USAID is pleased to announce the launch of the Agency’s first-ever Water Warrior Awards to recognize the dedication of USAID Mission staff and their important role in advancing the Agency’s investments in water, sanitation, and hygiene (WASH).
Trigeany Linggoatmodjo and Atef Abdel Sayed, who are long-serving WASH leads at USAID’s Indonesia and Egypt Missions, respectively, exemplify the dedication to water security, including safe drinking water, that we honor each year on World Water Day.
We recognize Ms. Linggoatmodjo for her work leading the creation of an innovative partnership with the Government of Switzerland to reduce non-revenue water and increase efficiency of seven water utilities. In 2019, USAID mobilized nearly $74 million from the private sector, the Government of Indonesia’s national and local government budgets, and other donors, including a $4.5 million contribution from the Swiss State Secretariat for Economic Affairs, to support USAID’s ongoing IUWASH PLUS activities.“It is an honor for me to facilitate the expansion of the partnership between the U.S. Government and the Government of Indonesia to accommodate the support from the Swiss Government to reduce water loss and increase energy efficiency that will ultimately lead to an increase in access to water for Indonesian citizens,” says Ms. Linggoatmodjo, who manages IUWASH PLUS, USAID’s flagship WASH activity in Indonesia.

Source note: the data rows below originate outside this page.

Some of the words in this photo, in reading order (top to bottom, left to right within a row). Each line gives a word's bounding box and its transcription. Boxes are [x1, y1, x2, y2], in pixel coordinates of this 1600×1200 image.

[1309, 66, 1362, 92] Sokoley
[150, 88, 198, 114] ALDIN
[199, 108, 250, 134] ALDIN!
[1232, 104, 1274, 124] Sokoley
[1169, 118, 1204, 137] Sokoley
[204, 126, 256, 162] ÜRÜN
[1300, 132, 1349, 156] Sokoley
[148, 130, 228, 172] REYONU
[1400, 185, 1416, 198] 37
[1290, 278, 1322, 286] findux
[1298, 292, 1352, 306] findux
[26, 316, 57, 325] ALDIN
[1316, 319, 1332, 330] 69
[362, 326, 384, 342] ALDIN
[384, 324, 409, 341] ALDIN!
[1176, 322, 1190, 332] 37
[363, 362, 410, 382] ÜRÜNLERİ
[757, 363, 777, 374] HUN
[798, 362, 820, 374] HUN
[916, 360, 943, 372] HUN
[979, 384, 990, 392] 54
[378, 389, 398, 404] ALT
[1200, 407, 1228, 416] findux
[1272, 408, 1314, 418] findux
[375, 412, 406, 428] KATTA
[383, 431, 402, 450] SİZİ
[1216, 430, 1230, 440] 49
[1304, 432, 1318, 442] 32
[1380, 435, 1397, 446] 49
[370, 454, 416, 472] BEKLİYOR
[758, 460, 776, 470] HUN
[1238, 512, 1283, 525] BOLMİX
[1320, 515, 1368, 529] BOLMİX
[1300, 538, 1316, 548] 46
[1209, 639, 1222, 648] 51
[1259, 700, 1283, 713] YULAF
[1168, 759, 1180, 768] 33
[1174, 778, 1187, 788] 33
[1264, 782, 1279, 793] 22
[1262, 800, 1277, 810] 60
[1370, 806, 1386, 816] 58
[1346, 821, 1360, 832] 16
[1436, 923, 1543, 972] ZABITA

The funding enabled the expansion of project-supported services, which provided an additional 60,000 people with access to water services for an overall project total of 1.1 million people with improved access to water supply. At least 500,000 of these customers come from the poorest 40 percent of the population. The project will also benefit 500,000 people with increased access to safely managed sanitation services. “The Indonesian government,” says Ms. Linggoatmodjo, “will learn and take lessons from this activity to develop a performance-based grant in improving the efficiency of water service delivery.”

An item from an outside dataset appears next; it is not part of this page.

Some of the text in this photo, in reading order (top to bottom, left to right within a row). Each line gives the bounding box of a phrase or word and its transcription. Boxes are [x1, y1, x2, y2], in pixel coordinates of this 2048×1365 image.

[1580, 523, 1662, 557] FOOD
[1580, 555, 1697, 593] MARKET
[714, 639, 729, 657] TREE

We recognize Mr. Sayed for his leadership role within the mission over the past two decades and his commitment to building strong institutions and enduring government relationships to ensure sustainable service delivery. His duties and responsibilities include managing three large water-related projects. The activities Mr. Sayed leads have netted clear results—over the past five years alone, outputs such as the construction of seven desalination plants, four reservoirs, eight deep wells, and four wastewater treatment plants have led to overall improved wastewater services for 250,000 people and potable water for 350,000 people.
"For nearly 20 years I have served the people of Egypt through my work at USAID,” says Mr. Sayed. “I am so proud of what we have achieved in this sector, from constructing facilities serving millions of people to building the capacity of my Government of Egypt colleagues who now operate and maintain Egypt's water and wastewater services and facilities in a sustainable manner.”

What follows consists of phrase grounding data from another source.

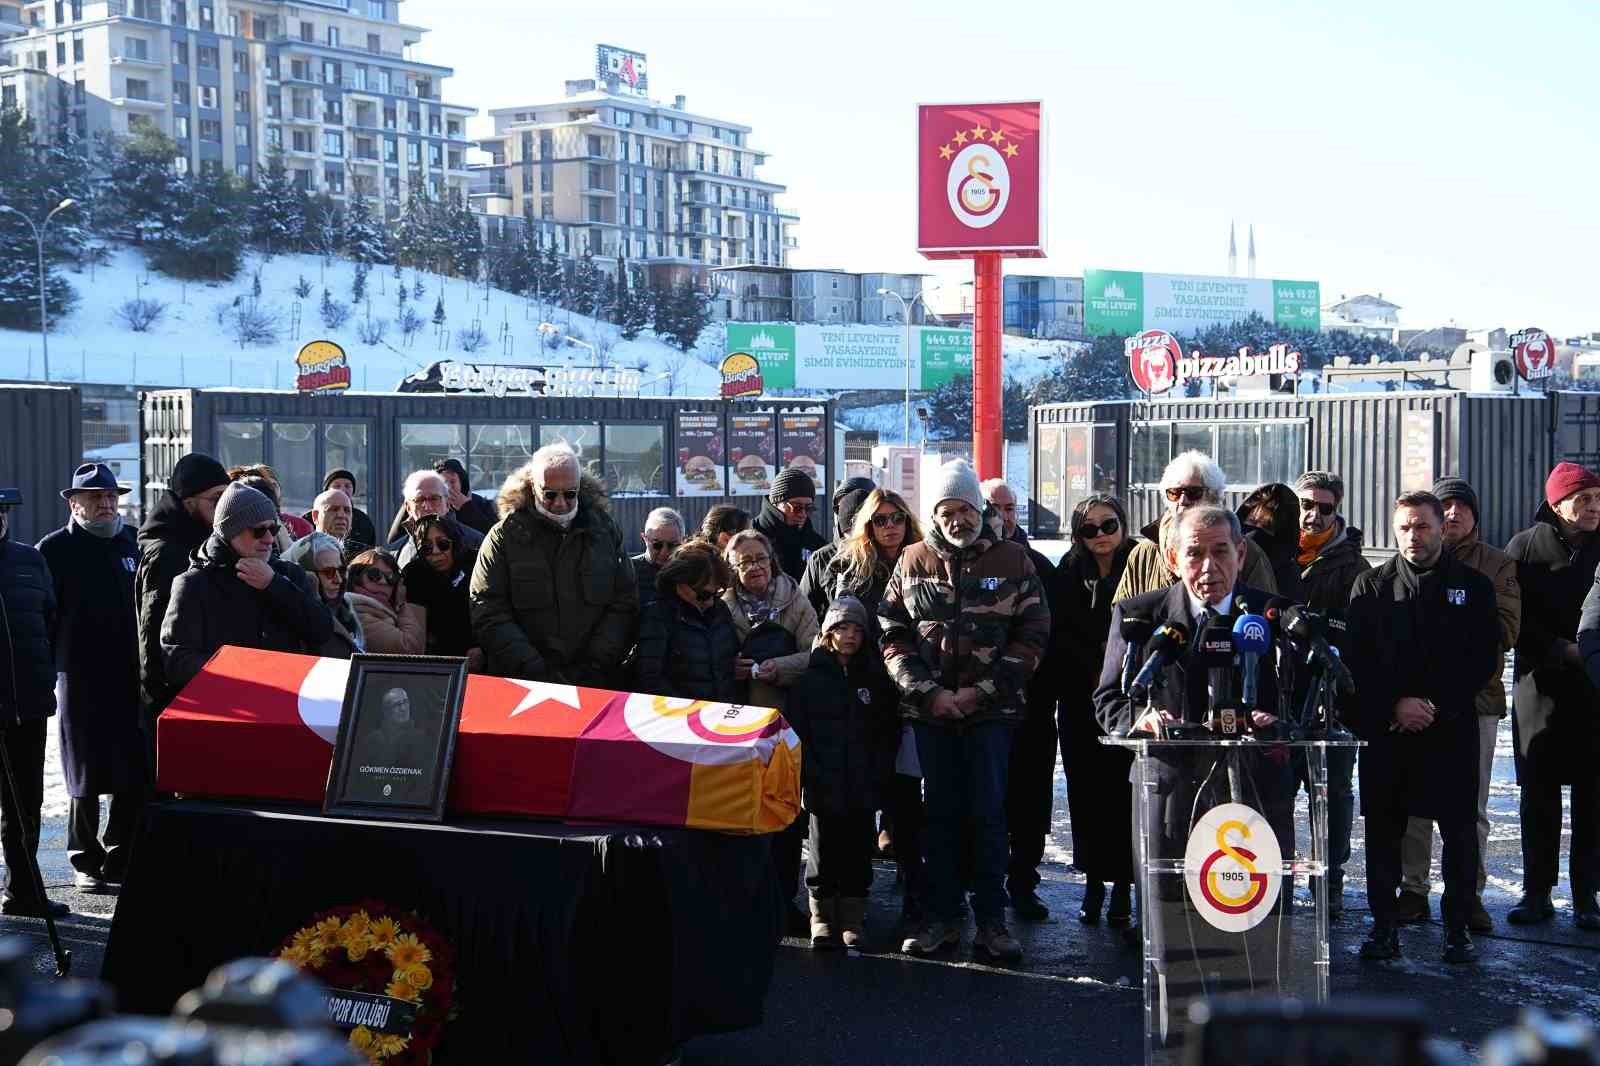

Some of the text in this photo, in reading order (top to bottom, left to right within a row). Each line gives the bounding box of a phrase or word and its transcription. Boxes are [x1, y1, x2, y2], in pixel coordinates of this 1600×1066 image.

[1125, 333, 1171, 356] pizza
[1511, 330, 1546, 348] pizza
[1176, 344, 1300, 385] pizzabulls
[359, 765, 423, 775] GÖKMEN ÖZDENAK
[1222, 872, 1244, 881] 1905
[328, 997, 353, 1022] SPOR

The types of projects Ms. Linggoatmodjo and Mr. Sayed lead, along with activities geared toward water resources management, governance and finance, and improved access to sanitation, are key parts of USAID’s approach to global water security. Since 2008, USAID’s water and sanitation assistance has helped 42 million people gain access to improved drinking water services and 27.2 million gain access to improved sanitation services.
While we recognize significant progress this World Water Day, three in 10 people still lack safe drinking water in their homes and nearly 300,000 children under age 5 die each year as a result of unsafe drinking water, sanitation, and hygiene.
USAID has established a Center for Water Security, Sanitation, and Hygiene in the new Bureau for Resilience and Food Security (RFS) to elevate its work on water security. Through the new center, USAID will continue to focus on meeting the basic need for safe drinking water and leveraging the role of water security in helping countries to advance on their journeys to self-reliance.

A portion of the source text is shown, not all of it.